TASK ITEM: Print the records again, matching each line exactly.

RECORDS SHOWN:
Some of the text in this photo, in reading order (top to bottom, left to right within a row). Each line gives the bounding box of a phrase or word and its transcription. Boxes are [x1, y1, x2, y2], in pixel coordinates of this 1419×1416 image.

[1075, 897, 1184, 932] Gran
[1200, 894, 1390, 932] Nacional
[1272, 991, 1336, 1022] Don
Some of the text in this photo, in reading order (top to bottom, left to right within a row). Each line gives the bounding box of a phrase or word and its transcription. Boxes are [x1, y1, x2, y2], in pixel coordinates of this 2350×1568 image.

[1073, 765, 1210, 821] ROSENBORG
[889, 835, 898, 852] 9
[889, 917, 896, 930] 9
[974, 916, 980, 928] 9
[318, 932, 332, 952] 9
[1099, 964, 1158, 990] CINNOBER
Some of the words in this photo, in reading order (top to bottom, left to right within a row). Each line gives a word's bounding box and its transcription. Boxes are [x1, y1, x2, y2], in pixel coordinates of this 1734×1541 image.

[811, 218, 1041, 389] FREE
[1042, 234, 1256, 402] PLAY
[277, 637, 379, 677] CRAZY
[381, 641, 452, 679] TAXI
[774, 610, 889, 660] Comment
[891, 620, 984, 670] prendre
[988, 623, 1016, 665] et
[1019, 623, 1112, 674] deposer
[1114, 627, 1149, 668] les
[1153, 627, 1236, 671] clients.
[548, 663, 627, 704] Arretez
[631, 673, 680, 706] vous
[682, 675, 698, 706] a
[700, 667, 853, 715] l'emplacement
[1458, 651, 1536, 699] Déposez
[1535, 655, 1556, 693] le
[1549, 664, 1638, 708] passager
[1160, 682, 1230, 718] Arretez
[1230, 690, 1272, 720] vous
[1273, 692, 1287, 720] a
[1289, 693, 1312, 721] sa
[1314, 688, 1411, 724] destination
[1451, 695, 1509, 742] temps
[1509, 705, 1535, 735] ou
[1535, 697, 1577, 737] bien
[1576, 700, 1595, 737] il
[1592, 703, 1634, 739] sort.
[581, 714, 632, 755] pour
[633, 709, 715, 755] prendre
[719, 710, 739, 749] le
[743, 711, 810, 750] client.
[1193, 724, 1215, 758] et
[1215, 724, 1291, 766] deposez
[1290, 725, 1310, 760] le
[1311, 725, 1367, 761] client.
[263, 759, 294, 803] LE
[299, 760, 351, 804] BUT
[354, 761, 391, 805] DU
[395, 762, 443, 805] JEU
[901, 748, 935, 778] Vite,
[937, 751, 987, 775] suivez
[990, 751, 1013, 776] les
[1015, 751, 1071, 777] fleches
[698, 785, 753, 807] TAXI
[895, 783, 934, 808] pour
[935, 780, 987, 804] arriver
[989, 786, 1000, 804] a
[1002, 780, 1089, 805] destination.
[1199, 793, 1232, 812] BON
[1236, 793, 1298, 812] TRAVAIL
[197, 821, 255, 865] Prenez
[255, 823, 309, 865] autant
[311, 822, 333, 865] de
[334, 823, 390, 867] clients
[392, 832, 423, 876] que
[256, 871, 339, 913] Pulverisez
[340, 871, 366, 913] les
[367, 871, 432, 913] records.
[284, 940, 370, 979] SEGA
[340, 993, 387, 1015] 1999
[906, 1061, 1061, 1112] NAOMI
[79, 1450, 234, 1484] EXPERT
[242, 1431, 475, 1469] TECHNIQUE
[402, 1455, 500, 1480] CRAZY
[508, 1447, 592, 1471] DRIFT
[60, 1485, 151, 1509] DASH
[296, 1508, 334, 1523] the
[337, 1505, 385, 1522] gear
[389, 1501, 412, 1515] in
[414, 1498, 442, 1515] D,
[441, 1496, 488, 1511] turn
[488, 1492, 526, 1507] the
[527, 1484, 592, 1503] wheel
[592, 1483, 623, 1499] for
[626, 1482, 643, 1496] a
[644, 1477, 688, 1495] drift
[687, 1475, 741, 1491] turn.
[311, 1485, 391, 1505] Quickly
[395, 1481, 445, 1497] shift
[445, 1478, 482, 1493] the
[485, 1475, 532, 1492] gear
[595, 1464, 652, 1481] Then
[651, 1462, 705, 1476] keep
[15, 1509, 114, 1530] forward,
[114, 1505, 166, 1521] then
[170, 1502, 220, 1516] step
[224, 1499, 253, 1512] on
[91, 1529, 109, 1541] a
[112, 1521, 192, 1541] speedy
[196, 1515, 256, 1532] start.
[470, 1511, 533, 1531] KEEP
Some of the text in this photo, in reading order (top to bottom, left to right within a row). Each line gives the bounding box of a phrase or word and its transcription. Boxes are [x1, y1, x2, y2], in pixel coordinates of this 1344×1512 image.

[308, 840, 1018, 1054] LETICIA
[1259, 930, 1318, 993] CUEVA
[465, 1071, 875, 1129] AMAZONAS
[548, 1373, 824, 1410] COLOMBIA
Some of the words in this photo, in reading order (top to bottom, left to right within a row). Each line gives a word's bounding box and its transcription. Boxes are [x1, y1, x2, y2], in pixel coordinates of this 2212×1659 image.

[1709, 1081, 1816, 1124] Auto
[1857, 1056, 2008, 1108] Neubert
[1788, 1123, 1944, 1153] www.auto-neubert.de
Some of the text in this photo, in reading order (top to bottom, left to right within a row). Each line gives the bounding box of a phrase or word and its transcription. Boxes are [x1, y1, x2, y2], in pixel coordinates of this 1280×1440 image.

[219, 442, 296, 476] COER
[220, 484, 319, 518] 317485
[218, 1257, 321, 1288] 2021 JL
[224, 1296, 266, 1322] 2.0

ANSWER SECTION:
Some of the text in this photo, in reading order (top to bottom, left to right within a row). Each line gives the bounding box of a phrase or word and its transcription. Boxes are [x1, y1, x2, y2], in pixel coordinates of this 1419×1416 image.

[1075, 897, 1184, 932] Gran
[1200, 894, 1390, 932] Nacional
[1272, 991, 1336, 1022] Don
Some of the text in this photo, in reading order (top to bottom, left to right within a row). Each line gives the bounding box of a phrase or word and its transcription. Boxes are [x1, y1, x2, y2], in pixel coordinates of this 2350×1568 image.

[1073, 765, 1210, 821] ROSENBORG
[889, 835, 898, 852] 9
[889, 917, 896, 930] 9
[974, 916, 980, 928] 9
[318, 932, 332, 952] 9
[1099, 964, 1158, 990] CINNOBER
Some of the words in this photo, in reading order (top to bottom, left to right within a row). Each line gives a word's bounding box and its transcription. Boxes are [x1, y1, x2, y2], in pixel coordinates of this 1734×1541 image.

[811, 218, 1041, 389] FREE
[1042, 234, 1256, 402] PLAY
[277, 637, 379, 677] CRAZY
[381, 641, 452, 679] TAXI
[774, 610, 889, 660] Comment
[891, 620, 984, 670] prendre
[988, 623, 1016, 665] et
[1019, 623, 1112, 674] deposer
[1114, 627, 1149, 668] les
[1153, 627, 1236, 671] clients.
[548, 663, 627, 704] Arretez
[631, 673, 680, 706] vous
[682, 675, 698, 706] a
[700, 667, 853, 715] l'emplacement
[1458, 651, 1536, 699] Déposez
[1535, 655, 1556, 693] le
[1549, 664, 1638, 708] passager
[1160, 682, 1230, 718] Arretez
[1230, 690, 1272, 720] vous
[1273, 692, 1287, 720] a
[1289, 693, 1312, 721] sa
[1314, 688, 1411, 724] destination
[1451, 695, 1509, 742] temps
[1509, 705, 1535, 735] ou
[1535, 697, 1577, 737] bien
[1576, 700, 1595, 737] il
[1592, 703, 1634, 739] sort.
[581, 714, 632, 755] pour
[633, 709, 715, 755] prendre
[719, 710, 739, 749] le
[743, 711, 810, 750] client.
[1193, 724, 1215, 758] et
[1215, 724, 1291, 766] deposez
[1290, 725, 1310, 760] le
[1311, 725, 1367, 761] client.
[263, 759, 294, 803] LE
[299, 760, 351, 804] BUT
[354, 761, 391, 805] DU
[395, 762, 443, 805] JEU
[901, 748, 935, 778] Vite,
[937, 751, 987, 775] suivez
[990, 751, 1013, 776] les
[1015, 751, 1071, 777] fleches
[698, 785, 753, 807] TAXI
[895, 783, 934, 808] pour
[935, 780, 987, 804] arriver
[989, 786, 1000, 804] a
[1002, 780, 1089, 805] destination.
[1199, 793, 1232, 812] BON
[1236, 793, 1298, 812] TRAVAIL
[197, 821, 255, 865] Prenez
[255, 823, 309, 865] autant
[311, 822, 333, 865] de
[334, 823, 390, 867] clients
[392, 832, 423, 876] que
[256, 871, 339, 913] Pulverisez
[340, 871, 366, 913] les
[367, 871, 432, 913] records.
[284, 940, 370, 979] SEGA
[340, 993, 387, 1015] 1999
[906, 1061, 1061, 1112] NAOMI
[79, 1450, 234, 1484] EXPERT
[242, 1431, 475, 1469] TECHNIQUE
[402, 1455, 500, 1480] CRAZY
[508, 1447, 592, 1471] DRIFT
[60, 1485, 151, 1509] DASH
[296, 1508, 334, 1523] the
[337, 1505, 385, 1522] gear
[389, 1501, 412, 1515] in
[414, 1498, 442, 1515] D,
[441, 1496, 488, 1511] turn
[488, 1492, 526, 1507] the
[527, 1484, 592, 1503] wheel
[592, 1483, 623, 1499] for
[626, 1482, 643, 1496] a
[644, 1477, 688, 1495] drift
[687, 1475, 741, 1491] turn.
[311, 1485, 391, 1505] Quickly
[395, 1481, 445, 1497] shift
[445, 1478, 482, 1493] the
[485, 1475, 532, 1492] gear
[595, 1464, 652, 1481] Then
[651, 1462, 705, 1476] keep
[15, 1509, 114, 1530] forward,
[114, 1505, 166, 1521] then
[170, 1502, 220, 1516] step
[224, 1499, 253, 1512] on
[91, 1529, 109, 1541] a
[112, 1521, 192, 1541] speedy
[196, 1515, 256, 1532] start.
[470, 1511, 533, 1531] KEEP
Some of the text in this photo, in reading order (top to bottom, left to right within a row). Each line gives the bounding box of a phrase or word and its transcription. Boxes are [x1, y1, x2, y2], in pixel coordinates of this 1344×1512 image.

[308, 840, 1018, 1054] LETICIA
[1259, 930, 1318, 993] CUEVA
[465, 1071, 875, 1129] AMAZONAS
[548, 1373, 824, 1410] COLOMBIA
Some of the words in this photo, in reading order (top to bottom, left to right within a row). Each line gives a word's bounding box and its transcription. Boxes are [x1, y1, x2, y2], in pixel coordinates of this 2212×1659 image.

[1709, 1081, 1816, 1124] Auto
[1857, 1056, 2008, 1108] Neubert
[1788, 1123, 1944, 1153] www.auto-neubert.de
Some of the text in this photo, in reading order (top to bottom, left to right within a row). Each line gives the bounding box of a phrase or word and its transcription. Boxes are [x1, y1, x2, y2], in pixel coordinates of this 1280×1440 image.

[219, 442, 296, 476] COER
[220, 484, 319, 518] 317485
[218, 1257, 321, 1288] 2021 JL
[224, 1296, 266, 1322] 2.0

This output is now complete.